As promised in my last post, below is a short text by Atthys Gage, who will be judging the Book a Break Short Story Competition (deadline 15th February). The short story form, as he says, is indeed a difficult one to master. But he includes some great examples, some of which I’ve not read myself. Worth checking out!
Short stories intimidate me.
I’ve written seven novels over the last eight years. Not all are ready (or even close to ready) for the editor’s ruthless blue pencil, but they’re complete. And they are substantial things, averaging about 80,000 words each. In that same time, how many short stories have I written?
Right, four.

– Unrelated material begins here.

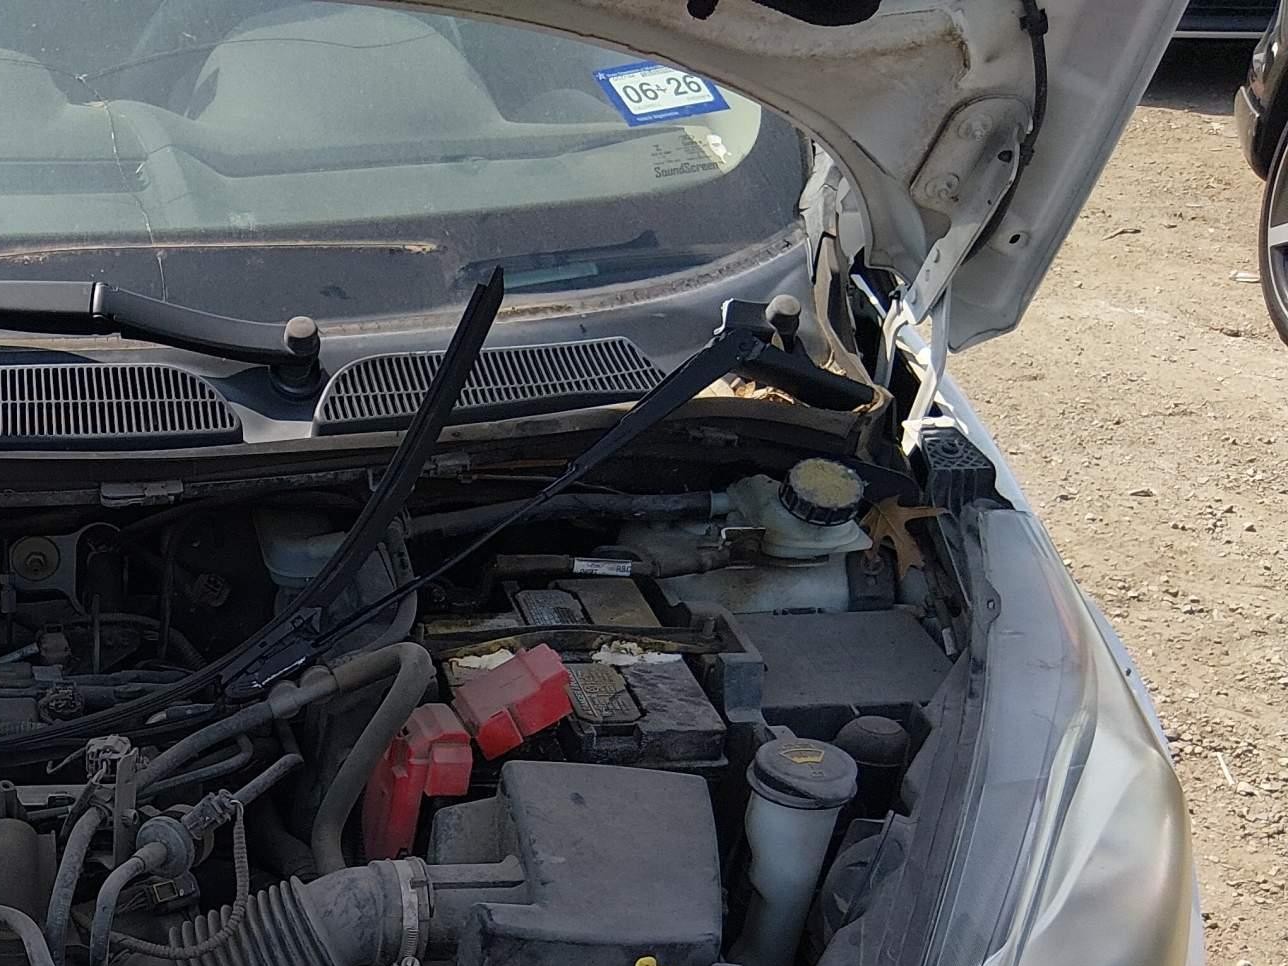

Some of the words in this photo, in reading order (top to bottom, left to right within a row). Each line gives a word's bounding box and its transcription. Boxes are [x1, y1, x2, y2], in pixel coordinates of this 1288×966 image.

[622, 82, 659, 104] 06
[666, 74, 702, 97] 26
[654, 162, 718, 178] SoundScreen
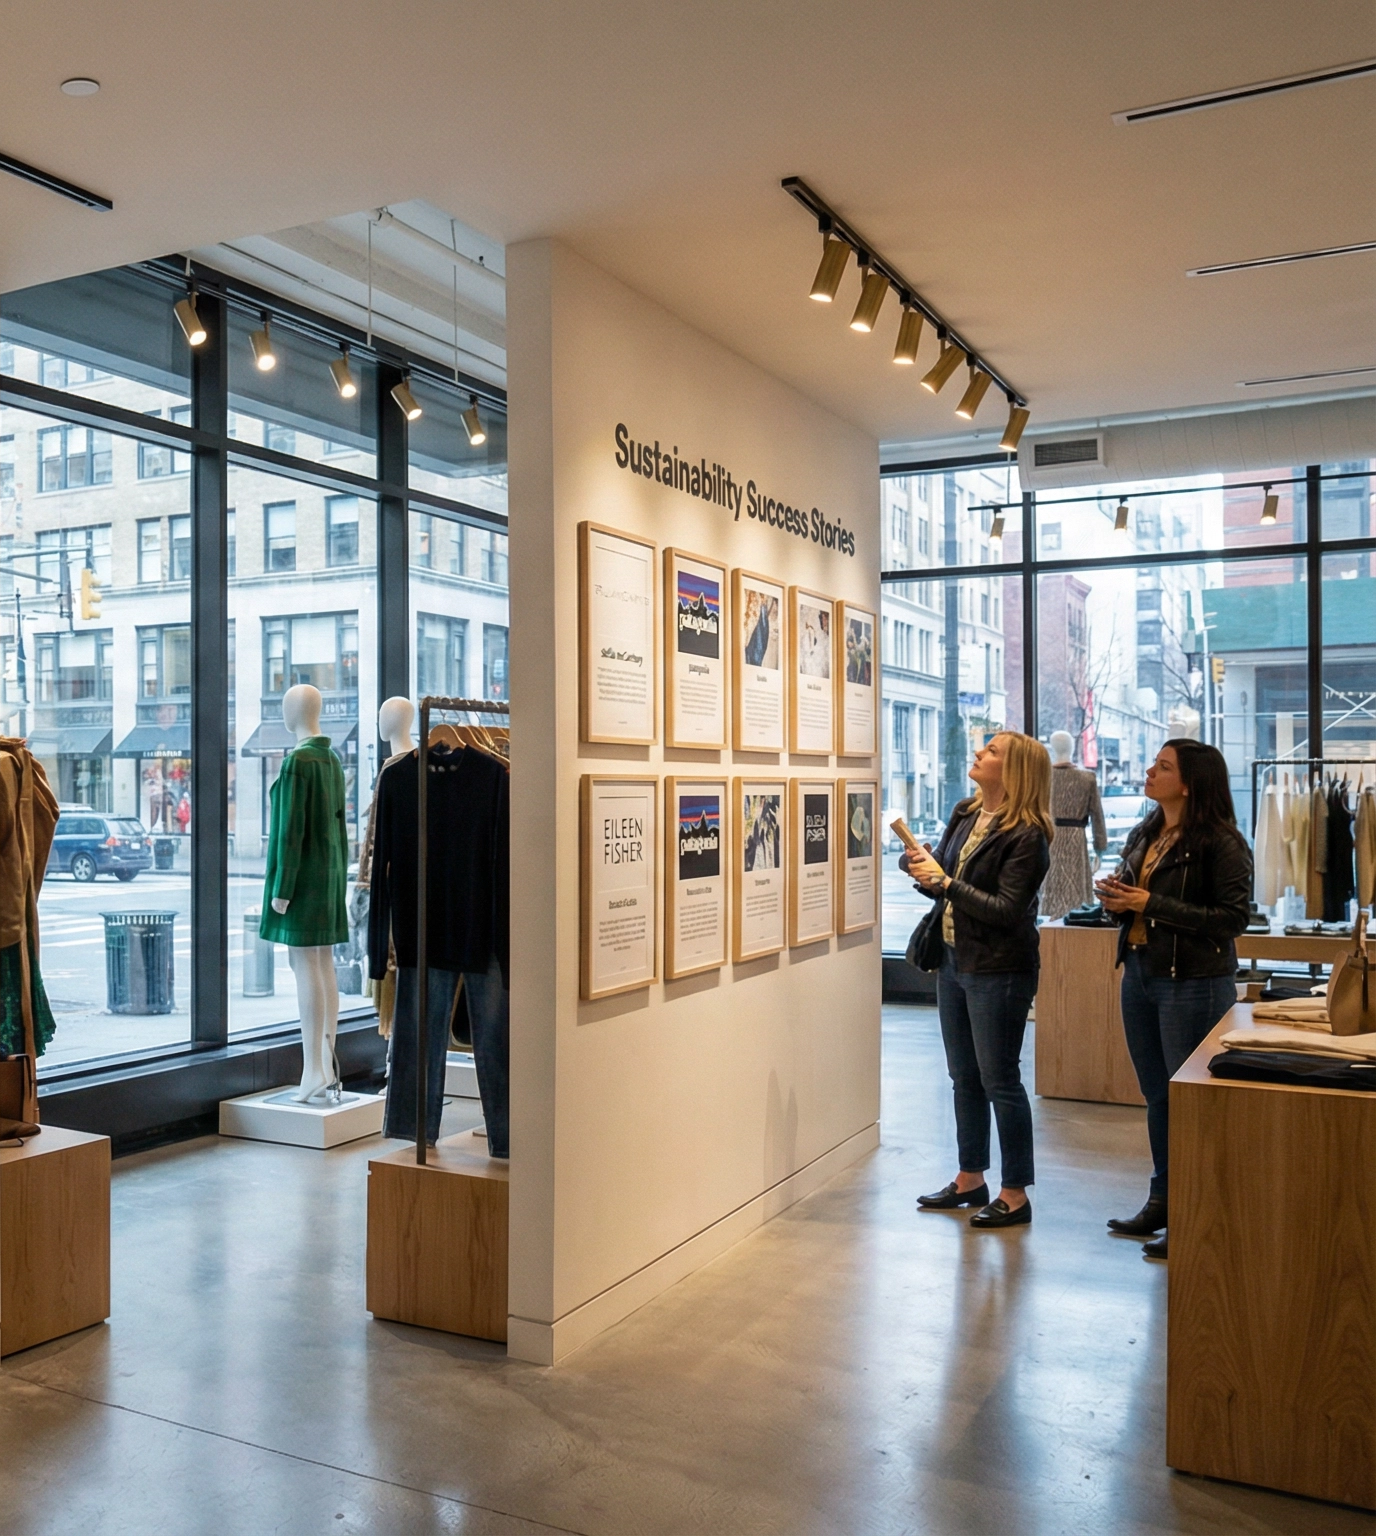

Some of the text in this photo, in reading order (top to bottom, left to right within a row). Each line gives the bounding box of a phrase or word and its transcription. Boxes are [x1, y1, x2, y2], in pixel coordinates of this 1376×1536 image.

Because short stories are harder. For me anyway. A good short story can do everything a novel can do: drop you into another world; give you characters that you sympathize with; give you a story that you care about and an ending that stays with you long past the turning of the last page. But a good short story doesn’t need 80,000 words to do it.
A Perfect Day for Banana-Fish only requires 4,009 words. A Cask of Amontillado, a mere 2,495. The Gift of the Magi is only 2,163. Little Things, by Raymond Carver, 499.
Curtis and I set the limit for this contest at 2,000 words. I don’t envy you your task. That’s about eight pages, double-spaced. A helluva a lot can happen in eight pages. Or hardly anything at all.
Let’s admit one thing. You may need to ignore everyone’s favorite writing tip: “show, don’t tell”—or at least, take it with a grain of salt. Telling is okay, just tell it well. Sometimes it’s necessary. You need a quick set up to get the reader involved quickly, because in a very few pages, you’re going to pull a fast one, yank our expectations out from under our feet, drop us abruptly on our backsides. Consider The Open Window by Saki, or The Lottery by Shirley Jackson, or The Nine Billion Names of God by Arthur C. Clarke.
Or maybe your story doesn’t feature a last minute reversal. Maybe it’s all one slow-burn, building to a frantic boil. Think Young Goodman Brown by Hawthorne, or A Good Man is Hard to Find by Flannery O’Connor. These stories play with our expectations, but you can see the ending coming. By the time it comes, you know it was inevitable all along.
I’ve barely scraped the surface. Read A Very Old Man with Enormous Wings by G.G. Marquez. Or The Hunger Artist by F. Kafka. Read Aye, and Gomorrah by Samuel R. Delany. Read any of a dozen great stories by James Tiptree Jr, and anything at all by J.L. Borges.
Or someone else. I mean, you probably have your own favorites. In the words of Bo Diddley, “Who do you love?”
And really, if your story goes a little over 2,000 words, don’t sweat it too much. I wouldn’t stop reading The Tell-Tale Heart or The Secret Miracle just because they broke the 2K barrier, and I won’t stop reading yours either—if I can’t. Make it so I can’t stop, and you’ve got nothing to worry about.
And Curtis is right. There is no formula. And like I said, a helluva a lot can happen in eight pages. Or hardly anything at all.
Advice? Okay. Write well, of course, but also? Be outrageous. Be subtle. Be ambiguous. Be straight-forward. Be fantastic. Be enigmatic. Be everything at once.